Stored data entries:
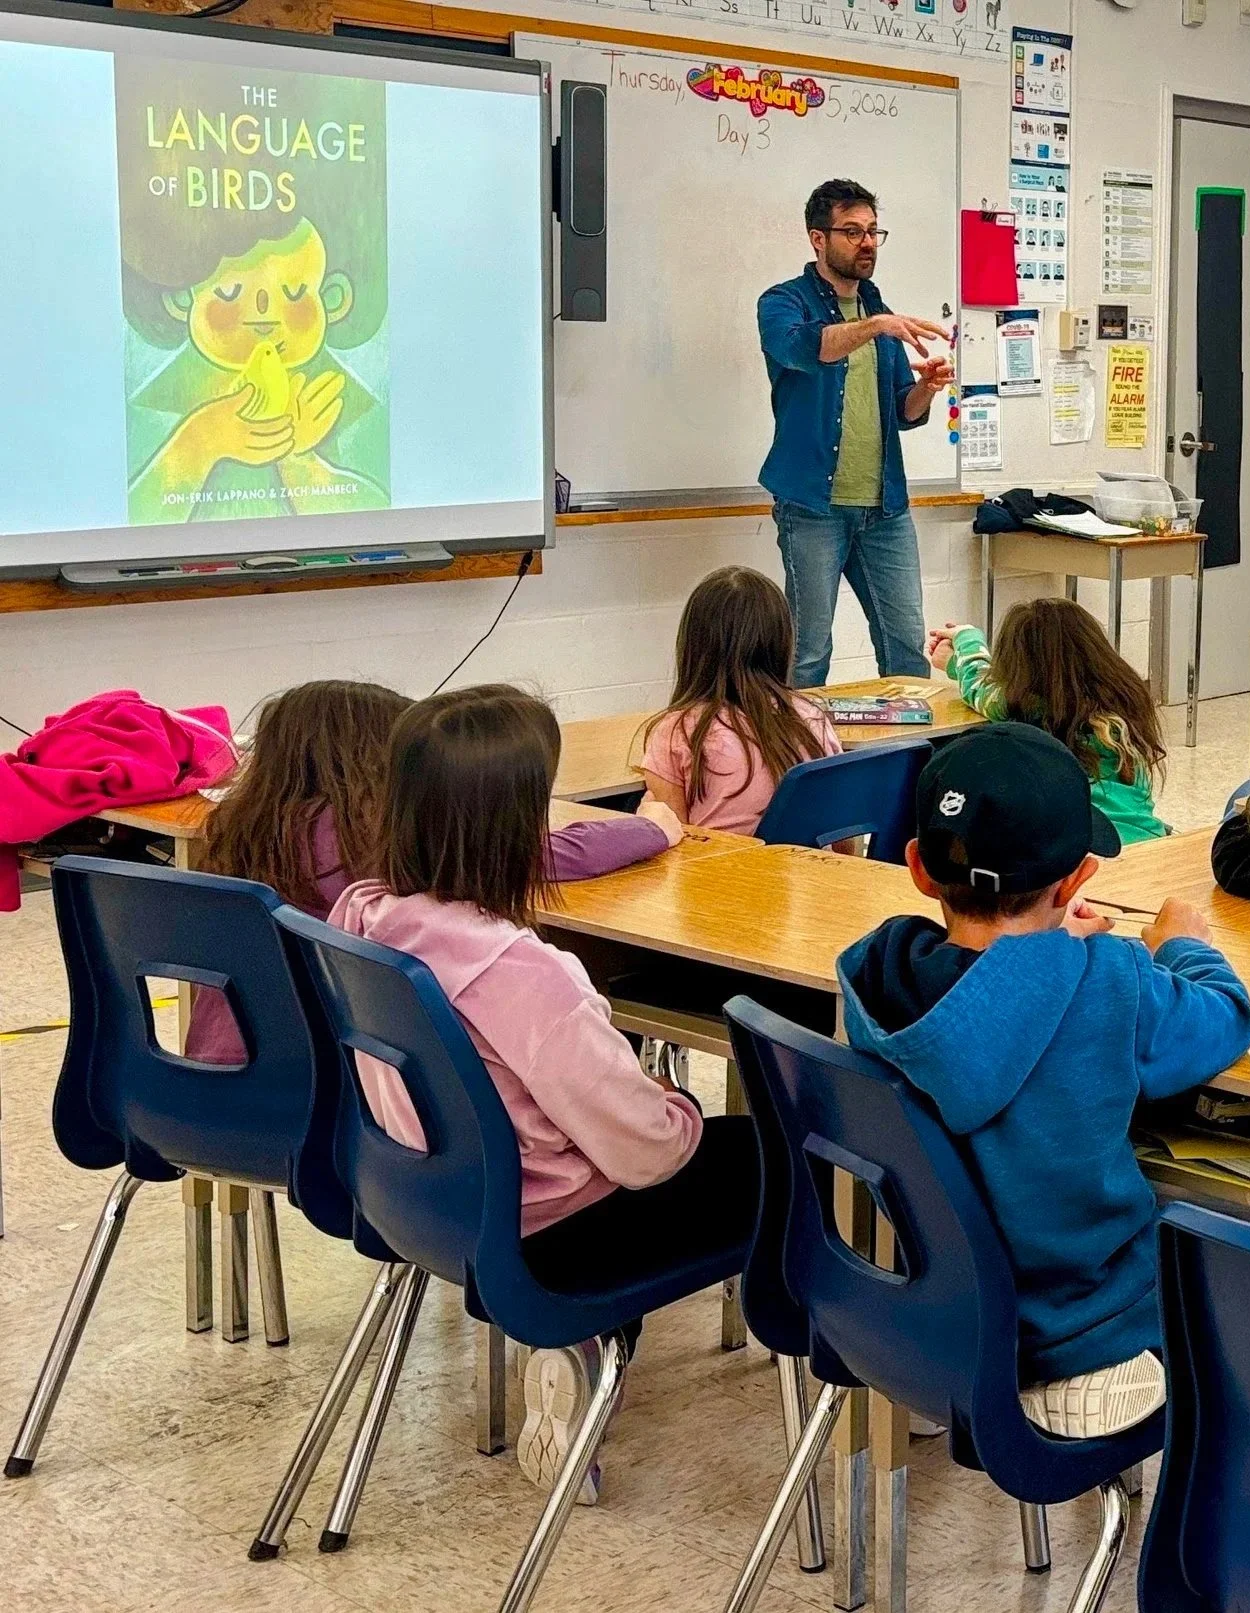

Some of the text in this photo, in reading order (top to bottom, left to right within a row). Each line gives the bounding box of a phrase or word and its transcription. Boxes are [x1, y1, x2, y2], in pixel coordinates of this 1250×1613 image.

[801, 4, 821, 25] Uu
[842, 9, 859, 31] Vv
[873, 15, 903, 37] Ww
[916, 22, 934, 42] Xx
[952, 27, 967, 55] Yy
[985, 33, 1001, 53] Zz
[601, 50, 686, 105] Thursday,
[713, 68, 807, 113] February
[240, 85, 277, 108] THE
[147, 106, 366, 163] LANGUAGE
[717, 113, 771, 156] Day 3
[149, 165, 297, 213] OF BIRDS
[1112, 366, 1144, 383] FIRE
[1110, 393, 1145, 405] ALARM
[162, 483, 359, 506] JON-ERIK LAPPANO & ZACH MANBECK
[834, 711, 848, 721] DOG
[849, 712, 863, 721] MAN

PROBLEM REQUIREMENTS: Exactly what appears in the records above must be returned, apart from the pictures.

ANSWER BOX:
Some of the text in this photo, in reading order (top to bottom, left to right within a row). Each line gives the bounding box of a phrase or word and its transcription. Boxes are [x1, y1, x2, y2], in pixel coordinates of this 1250×1613 image.

[801, 4, 821, 25] Uu
[842, 9, 859, 31] Vv
[873, 15, 903, 37] Ww
[916, 22, 934, 42] Xx
[952, 27, 967, 55] Yy
[985, 33, 1001, 53] Zz
[601, 50, 686, 105] Thursday,
[713, 68, 807, 113] February
[240, 85, 277, 108] THE
[147, 106, 366, 163] LANGUAGE
[717, 113, 771, 156] Day 3
[149, 165, 297, 213] OF BIRDS
[1112, 366, 1144, 383] FIRE
[1110, 393, 1145, 405] ALARM
[162, 483, 359, 506] JON-ERIK LAPPANO & ZACH MANBECK
[834, 711, 848, 721] DOG
[849, 712, 863, 721] MAN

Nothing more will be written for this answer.